The beauty of the second commandment is that we don't need equipment to get to know God. God says, Draw near to me and I will draw near to you. We can come to God as we are, wherever we are. We don't need beads or basins, crosses or candelabras, altars or objects. We can come to God in the car on the way to work, at the office, in the classroom, at home, whenever and wherever we are. "Come to me as you are, where you are," God says, "and I will make myself real to you." That's the freedom the second commandment gives to all of us!
The first reason is because images reduce God. The second reason is because images reduce us. In Psalm 115:2-8 we read, Why do the nations say, "Where is their God?" 3 Our God is in heaven. He does whatever pleases him. 4 But their idols are silver and gold, made by human hands. 5 They have mouths, but cannot speak, eyes, but they cannot see. 6 They have ears, but cannot hear, noses, but they cannot smell. 7 They have hands, but cannot feel, feet, but they cannot walk, nor can they utter a sound with their throats. 8 Those who make them will be like them and so will all who trust in them.
We become like the gods we worship. And when we reduce God we reduce what God wants to do in our lives. We were made in his image and his goal for us is to make us into the image of his son Jesus Christ. That's who he wants us to be like.
When I was a kid growing up my idols were baseball players and I had a few players that I really wanted to be like. And I watched them on TV and practiced their stance at the plate and tried to catch and throw the ball like they did on the field. And I would copy their mannerisms. They were my childhood "idols" and I wanted to be like them. God wants us to be like his son. The problem is we want God to be more like us. And that's why we are constantly reducing him by mental or metal images.
When I've done something wrong, committed some sin and I'm feeling the burden of guilt. I don't want to confess and ask God forgiveness. At least not right away. The first thing I want to do is justify my behavior. Get God to ignore his holiness and sign off that what I did was okay. It was no big deal. Everybody does and a lot worse. I try to reduce and get him to live by terms. But God says, "No way. I won't play those games. You can either live with guilt and eventual discipline. Or you can bow your knee and admit I'm right, confess your sin and be forgiven. And I love him for that. I love him that he won't let me talk him into being anything less than he really is. That's the only way I can become what he wants me to become.
God knows how our minds work and that's why he wants us to have an imageless worship.

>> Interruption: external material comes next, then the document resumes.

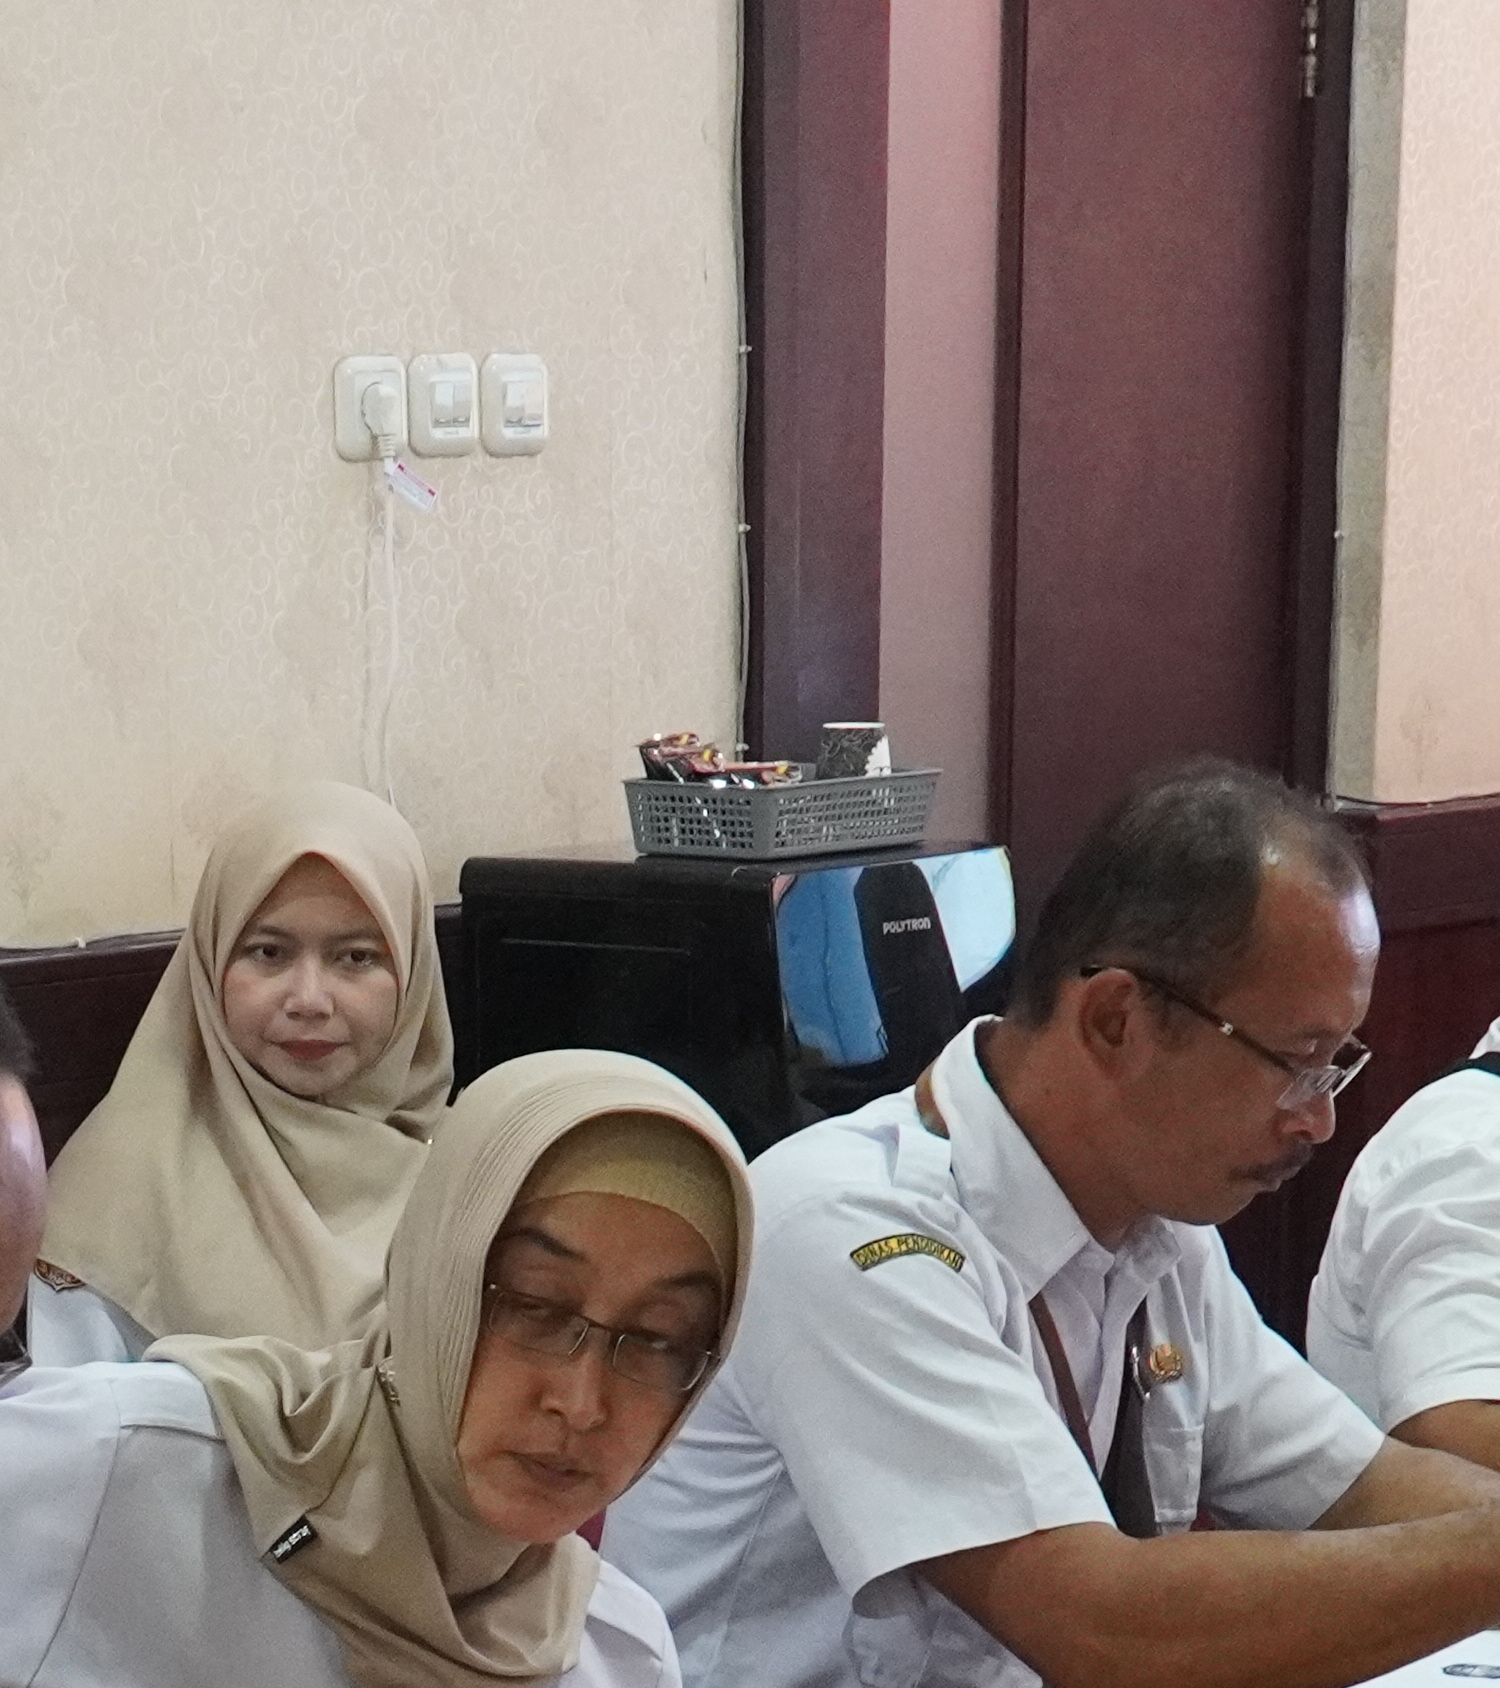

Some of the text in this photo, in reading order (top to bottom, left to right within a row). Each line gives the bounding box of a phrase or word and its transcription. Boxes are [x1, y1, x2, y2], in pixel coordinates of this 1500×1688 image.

[882, 916, 932, 936] POLYTRON
[855, 1236, 960, 1270] DINAS PENDIDIKAN

He wants our spiritual life to grow into our understanding of who he really is. "Don't limit me," he says. "And don't limit your growth in me."
What comes into our minds when we think about God is the most important thing about us. And has implications, God says, for the generations that will follow. The stakes are high for you and for your kids. Our children will be profoundly affected by the way we view our God. Let's not pass on a yellowed, snap shot of one aspect of God. Let's pass on a full photo album of who he really is. You shall not make for yourself an idol in the form of anything in heaven above or on the earth beneath or in the waters below.